» **TASK TO CARRY OUT**:
Word for word, give the data again without its pictures.

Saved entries
+ + + + +
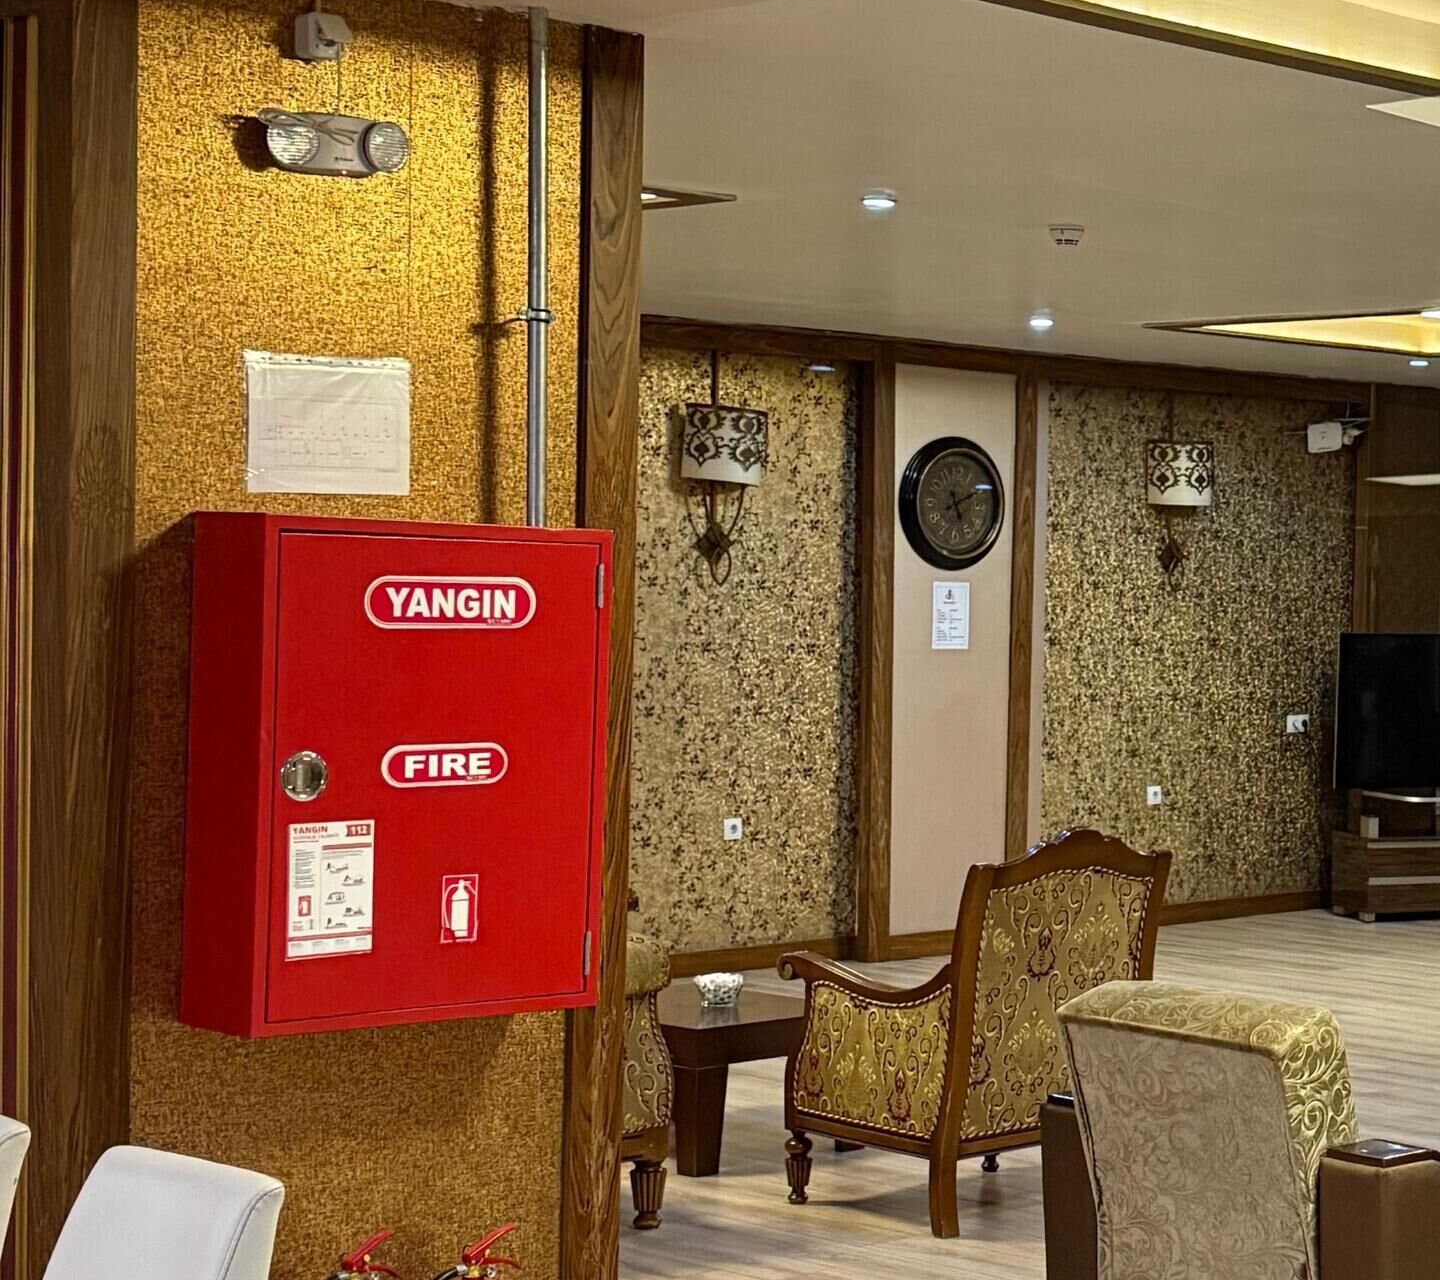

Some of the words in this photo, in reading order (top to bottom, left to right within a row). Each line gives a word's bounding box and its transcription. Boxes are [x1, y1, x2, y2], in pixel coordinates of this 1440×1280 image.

[385, 587, 516, 619] YANGIN
[404, 752, 492, 779] FIRE
[293, 826, 328, 834] YANGIN
[351, 826, 368, 835] 112
+ + + + +
» **REPLY**:
Some of the words in this photo, in reading order (top to bottom, left to right within a row). Each line gives a word's bounding box and its transcription. Boxes are [x1, y1, x2, y2], in pixel coordinates of this 1440×1280 image.

[385, 587, 516, 619] YANGIN
[404, 752, 492, 779] FIRE
[293, 826, 328, 834] YANGIN
[351, 826, 368, 835] 112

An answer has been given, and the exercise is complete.